■ Work order ■
Ignoring every picture, transcribe the data in full as it stands.

Top of Extracted entries

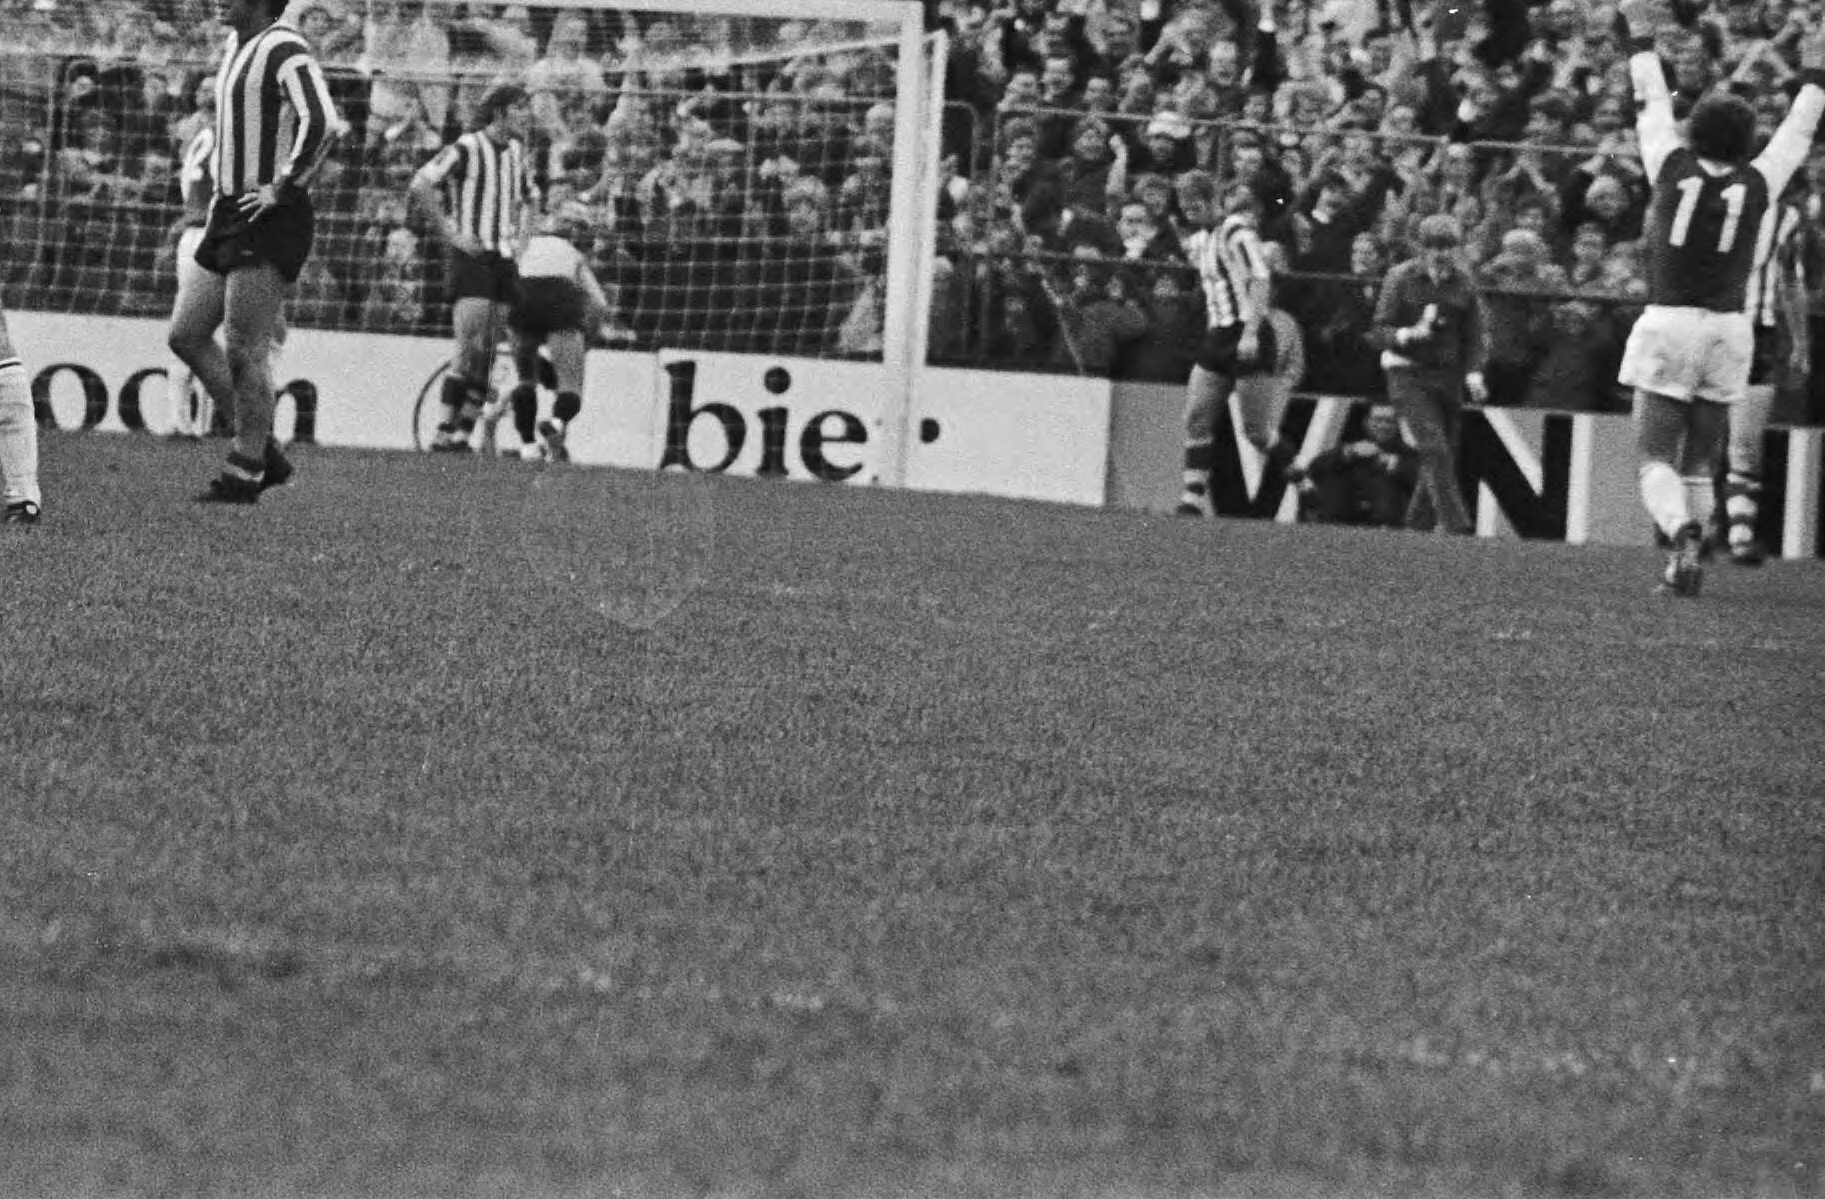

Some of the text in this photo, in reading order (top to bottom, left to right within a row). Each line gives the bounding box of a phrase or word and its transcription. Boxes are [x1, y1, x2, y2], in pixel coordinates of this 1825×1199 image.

[1668, 176, 1748, 253] 11
[661, 358, 941, 484] bie
[1183, 385, 1573, 542] VN
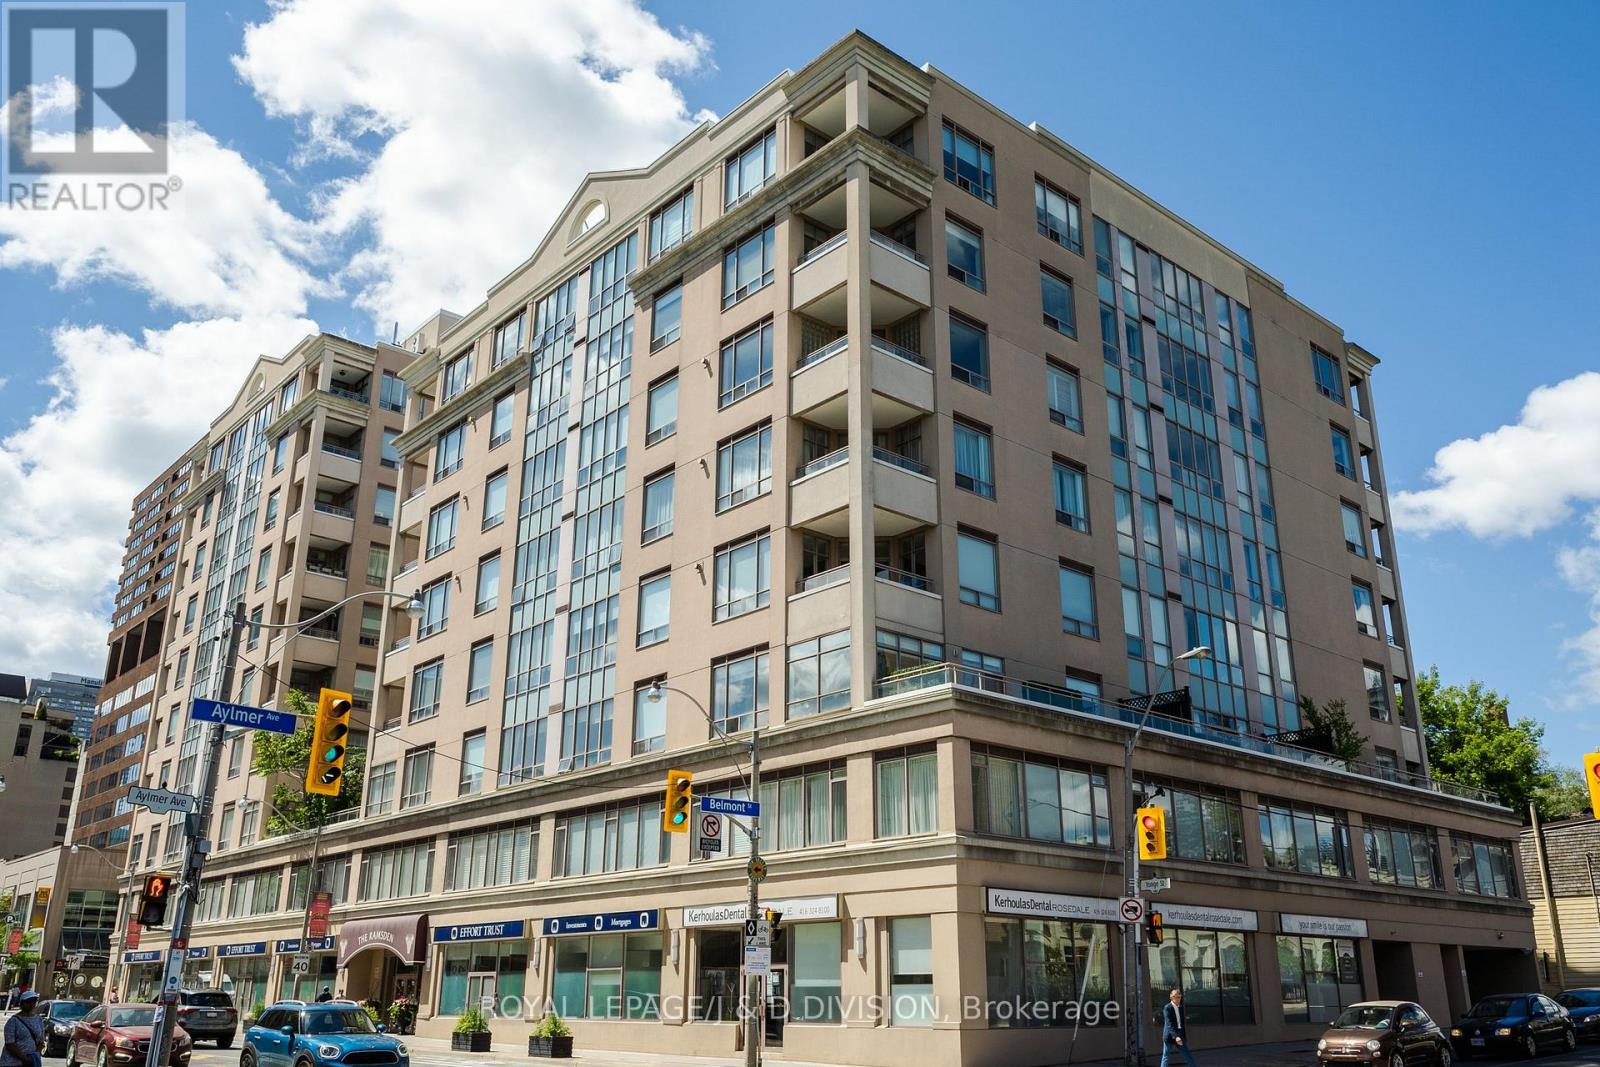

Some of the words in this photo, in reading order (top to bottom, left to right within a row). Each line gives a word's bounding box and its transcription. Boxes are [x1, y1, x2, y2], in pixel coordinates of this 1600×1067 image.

[211, 704, 264, 725] Aylmer
[266, 713, 280, 721] Ave
[135, 790, 168, 804] Aylmer
[170, 795, 187, 807] Ave
[709, 799, 746, 812] Belmont
[688, 907, 747, 922] KerhoulasDental
[358, 936, 367, 945] THE
[369, 930, 394, 943] RAMSDEN
[460, 926, 482, 938] EFFORT
[483, 924, 505, 936] TRUST
[293, 962, 308, 972] 40
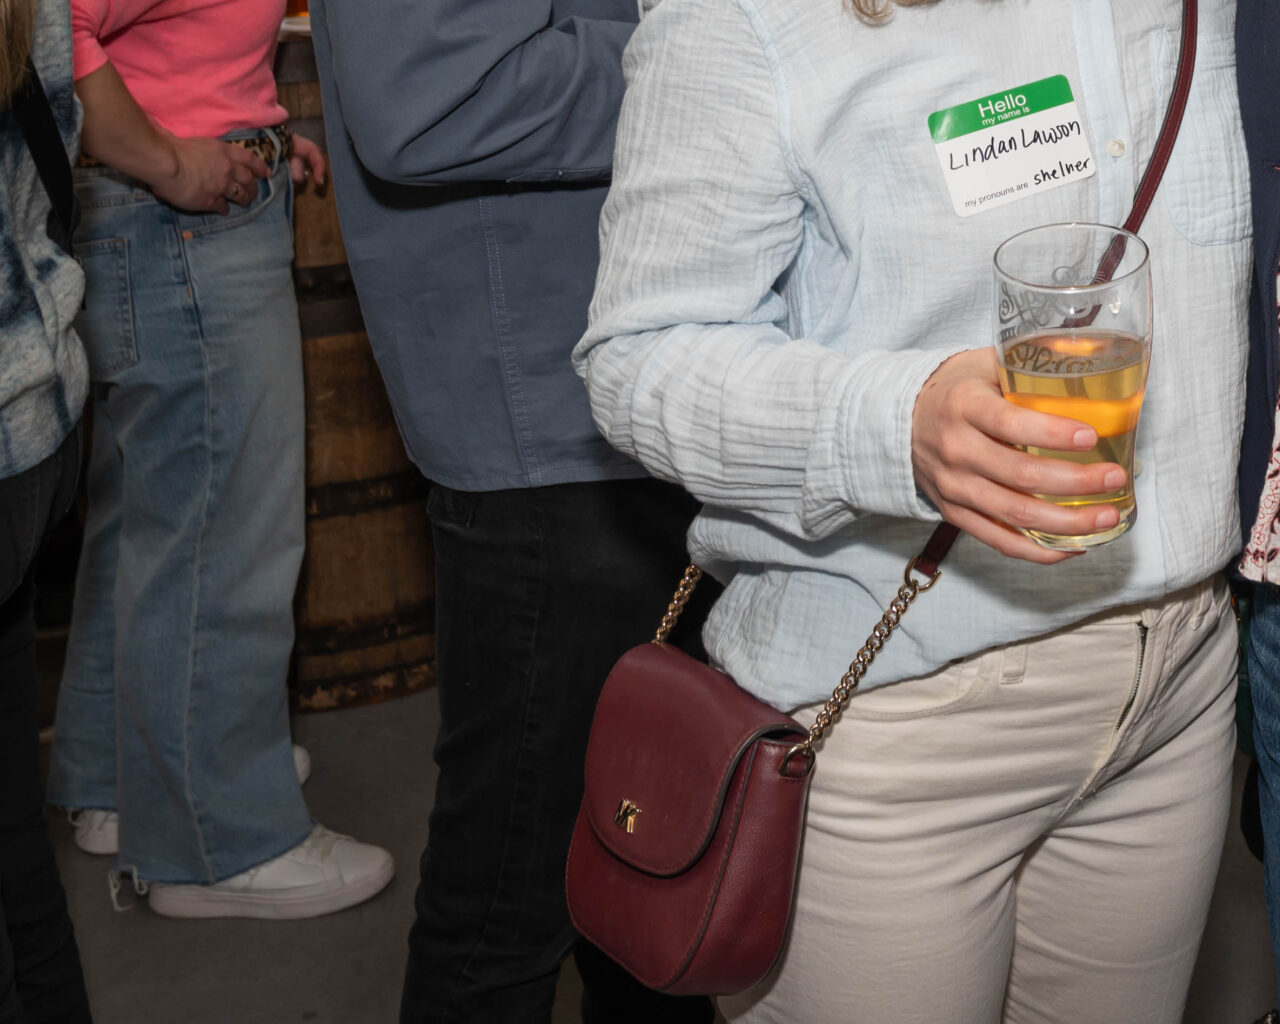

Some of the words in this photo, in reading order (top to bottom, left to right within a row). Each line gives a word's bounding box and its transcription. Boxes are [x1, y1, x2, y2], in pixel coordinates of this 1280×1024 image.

[978, 93, 1027, 118] Hello
[982, 117, 996, 127] my
[997, 110, 1021, 122] name
[1022, 106, 1030, 114] is
[964, 199, 977, 208] my
[978, 186, 1015, 205] pronouns
[1016, 182, 1029, 192] are

Bottom of Extracted entries

■ Answer area ■
Some of the text in this photo, in reading order (top to bottom, left to right within a row). Each line gives the bounding box of a phrase or word and its transcription. Boxes are [x1, y1, x2, y2], in pixel coordinates of this 1825×1199 image.

[1668, 176, 1748, 253] 11
[661, 358, 941, 484] bie
[1183, 385, 1573, 542] VN

Some of the words in this photo, in reading order (top to bottom, left to right within a row). Each line gives a word's bounding box and its transcription. Boxes are [x1, y1, x2, y2], in pixel coordinates of this 1600×1067 image.

[211, 704, 264, 725] Aylmer
[266, 713, 280, 721] Ave
[135, 790, 168, 804] Aylmer
[170, 795, 187, 807] Ave
[709, 799, 746, 812] Belmont
[688, 907, 747, 922] KerhoulasDental
[358, 936, 367, 945] THE
[369, 930, 394, 943] RAMSDEN
[460, 926, 482, 938] EFFORT
[483, 924, 505, 936] TRUST
[293, 962, 308, 972] 40

Some of the words in this photo, in reading order (top to bottom, left to right within a row). Each line gives a word's bounding box and its transcription. Boxes are [x1, y1, x2, y2], in pixel coordinates of this 1280×1024 image.

[978, 93, 1027, 118] Hello
[982, 117, 996, 127] my
[997, 110, 1021, 122] name
[1022, 106, 1030, 114] is
[964, 199, 977, 208] my
[978, 186, 1015, 205] pronouns
[1016, 182, 1029, 192] are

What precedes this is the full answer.